_Task description_:
Would you please output the data exactly, omitting no line?

(Records to use begins)

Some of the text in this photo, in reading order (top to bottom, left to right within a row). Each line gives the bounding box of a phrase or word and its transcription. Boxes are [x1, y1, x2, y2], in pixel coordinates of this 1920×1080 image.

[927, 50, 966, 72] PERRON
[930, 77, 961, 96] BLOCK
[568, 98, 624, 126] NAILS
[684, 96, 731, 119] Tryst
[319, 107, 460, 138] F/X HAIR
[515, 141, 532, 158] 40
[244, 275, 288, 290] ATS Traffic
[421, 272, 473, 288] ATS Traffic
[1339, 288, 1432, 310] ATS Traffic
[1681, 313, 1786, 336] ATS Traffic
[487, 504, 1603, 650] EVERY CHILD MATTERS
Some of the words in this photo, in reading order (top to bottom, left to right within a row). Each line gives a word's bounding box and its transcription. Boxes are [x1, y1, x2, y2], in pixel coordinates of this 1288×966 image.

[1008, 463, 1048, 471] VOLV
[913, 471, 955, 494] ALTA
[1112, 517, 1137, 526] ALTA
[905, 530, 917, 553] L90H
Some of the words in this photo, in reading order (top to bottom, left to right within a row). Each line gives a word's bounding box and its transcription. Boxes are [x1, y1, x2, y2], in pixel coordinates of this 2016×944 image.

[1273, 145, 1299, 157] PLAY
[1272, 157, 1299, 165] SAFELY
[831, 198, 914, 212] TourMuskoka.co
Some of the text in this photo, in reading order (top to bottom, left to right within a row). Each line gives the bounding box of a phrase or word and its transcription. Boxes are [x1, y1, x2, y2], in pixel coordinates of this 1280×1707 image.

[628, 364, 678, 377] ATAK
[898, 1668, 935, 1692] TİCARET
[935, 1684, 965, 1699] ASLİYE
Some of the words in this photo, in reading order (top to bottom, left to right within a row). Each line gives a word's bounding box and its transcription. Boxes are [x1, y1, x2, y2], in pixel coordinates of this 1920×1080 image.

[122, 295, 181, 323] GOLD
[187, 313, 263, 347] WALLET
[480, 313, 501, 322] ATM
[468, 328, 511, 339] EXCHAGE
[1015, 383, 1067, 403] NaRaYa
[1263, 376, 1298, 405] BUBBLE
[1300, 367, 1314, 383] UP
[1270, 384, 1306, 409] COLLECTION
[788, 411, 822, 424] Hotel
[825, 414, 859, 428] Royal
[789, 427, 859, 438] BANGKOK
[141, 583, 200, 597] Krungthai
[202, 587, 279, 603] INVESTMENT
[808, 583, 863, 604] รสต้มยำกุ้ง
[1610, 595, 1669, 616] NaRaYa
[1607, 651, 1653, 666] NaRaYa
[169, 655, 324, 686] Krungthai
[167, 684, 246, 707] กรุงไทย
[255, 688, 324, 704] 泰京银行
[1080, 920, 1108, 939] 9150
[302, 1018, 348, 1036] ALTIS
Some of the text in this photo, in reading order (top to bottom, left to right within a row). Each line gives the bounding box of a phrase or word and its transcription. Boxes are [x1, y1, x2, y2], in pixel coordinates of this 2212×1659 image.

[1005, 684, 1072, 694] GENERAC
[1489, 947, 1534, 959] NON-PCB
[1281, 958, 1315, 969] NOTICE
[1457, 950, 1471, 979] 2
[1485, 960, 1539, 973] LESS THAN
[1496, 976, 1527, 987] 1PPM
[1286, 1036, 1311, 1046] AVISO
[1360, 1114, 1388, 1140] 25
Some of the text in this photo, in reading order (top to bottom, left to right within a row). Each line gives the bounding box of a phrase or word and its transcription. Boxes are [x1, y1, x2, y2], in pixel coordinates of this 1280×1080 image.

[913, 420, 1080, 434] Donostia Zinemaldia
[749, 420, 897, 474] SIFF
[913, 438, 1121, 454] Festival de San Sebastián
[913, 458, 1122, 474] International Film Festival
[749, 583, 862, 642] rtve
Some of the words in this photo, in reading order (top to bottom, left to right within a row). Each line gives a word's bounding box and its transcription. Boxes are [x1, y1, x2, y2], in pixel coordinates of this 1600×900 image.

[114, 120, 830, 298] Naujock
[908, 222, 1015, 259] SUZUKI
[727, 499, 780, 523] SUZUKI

(Records to use ends)

_Answer space_:
Some of the text in this photo, in reading order (top to bottom, left to right within a row). Each line gives the bounding box of a phrase or word and its transcription. Boxes are [x1, y1, x2, y2], in pixel coordinates of this 1920×1080 image.

[927, 50, 966, 72] PERRON
[930, 77, 961, 96] BLOCK
[568, 98, 624, 126] NAILS
[684, 96, 731, 119] Tryst
[319, 107, 460, 138] F/X HAIR
[515, 141, 532, 158] 40
[244, 275, 288, 290] ATS Traffic
[421, 272, 473, 288] ATS Traffic
[1339, 288, 1432, 310] ATS Traffic
[1681, 313, 1786, 336] ATS Traffic
[487, 504, 1603, 650] EVERY CHILD MATTERS
Some of the words in this photo, in reading order (top to bottom, left to right within a row). Each line gives a word's bounding box and its transcription. Boxes are [x1, y1, x2, y2], in pixel coordinates of this 1288×966 image.

[1008, 463, 1048, 471] VOLV
[913, 471, 955, 494] ALTA
[1112, 517, 1137, 526] ALTA
[905, 530, 917, 553] L90H
Some of the words in this photo, in reading order (top to bottom, left to right within a row). Each line gives a word's bounding box and its transcription. Boxes are [x1, y1, x2, y2], in pixel coordinates of this 2016×944 image.

[1273, 145, 1299, 157] PLAY
[1272, 157, 1299, 165] SAFELY
[831, 198, 914, 212] TourMuskoka.co
Some of the text in this photo, in reading order (top to bottom, left to right within a row). Each line gives the bounding box of a phrase or word and its transcription. Boxes are [x1, y1, x2, y2], in pixel coordinates of this 1280×1707 image.

[628, 364, 678, 377] ATAK
[898, 1668, 935, 1692] TİCARET
[935, 1684, 965, 1699] ASLİYE
Some of the words in this photo, in reading order (top to bottom, left to right within a row). Each line gives a word's bounding box and its transcription. Boxes are [x1, y1, x2, y2], in pixel coordinates of this 1920×1080 image.

[122, 295, 181, 323] GOLD
[187, 313, 263, 347] WALLET
[480, 313, 501, 322] ATM
[468, 328, 511, 339] EXCHAGE
[1015, 383, 1067, 403] NaRaYa
[1263, 376, 1298, 405] BUBBLE
[1300, 367, 1314, 383] UP
[1270, 384, 1306, 409] COLLECTION
[788, 411, 822, 424] Hotel
[825, 414, 859, 428] Royal
[789, 427, 859, 438] BANGKOK
[141, 583, 200, 597] Krungthai
[202, 587, 279, 603] INVESTMENT
[808, 583, 863, 604] รสต้มยำกุ้ง
[1610, 595, 1669, 616] NaRaYa
[1607, 651, 1653, 666] NaRaYa
[169, 655, 324, 686] Krungthai
[167, 684, 246, 707] กรุงไทย
[255, 688, 324, 704] 泰京银行
[1080, 920, 1108, 939] 9150
[302, 1018, 348, 1036] ALTIS
Some of the text in this photo, in reading order (top to bottom, left to right within a row). Each line gives the bounding box of a phrase or word and its transcription. Boxes are [x1, y1, x2, y2], in pixel coordinates of this 2212×1659 image.

[1005, 684, 1072, 694] GENERAC
[1489, 947, 1534, 959] NON-PCB
[1281, 958, 1315, 969] NOTICE
[1457, 950, 1471, 979] 2
[1485, 960, 1539, 973] LESS THAN
[1496, 976, 1527, 987] 1PPM
[1286, 1036, 1311, 1046] AVISO
[1360, 1114, 1388, 1140] 25
Some of the text in this photo, in reading order (top to bottom, left to right within a row). Each line gives the bounding box of a phrase or word and its transcription. Boxes are [x1, y1, x2, y2], in pixel coordinates of this 1280×1080 image.

[913, 420, 1080, 434] Donostia Zinemaldia
[749, 420, 897, 474] SIFF
[913, 438, 1121, 454] Festival de San Sebastián
[913, 458, 1122, 474] International Film Festival
[749, 583, 862, 642] rtve
Some of the words in this photo, in reading order (top to bottom, left to right within a row). Each line gives a word's bounding box and its transcription. Boxes are [x1, y1, x2, y2], in pixel coordinates of this 1600×900 image.

[114, 120, 830, 298] Naujock
[908, 222, 1015, 259] SUZUKI
[727, 499, 780, 523] SUZUKI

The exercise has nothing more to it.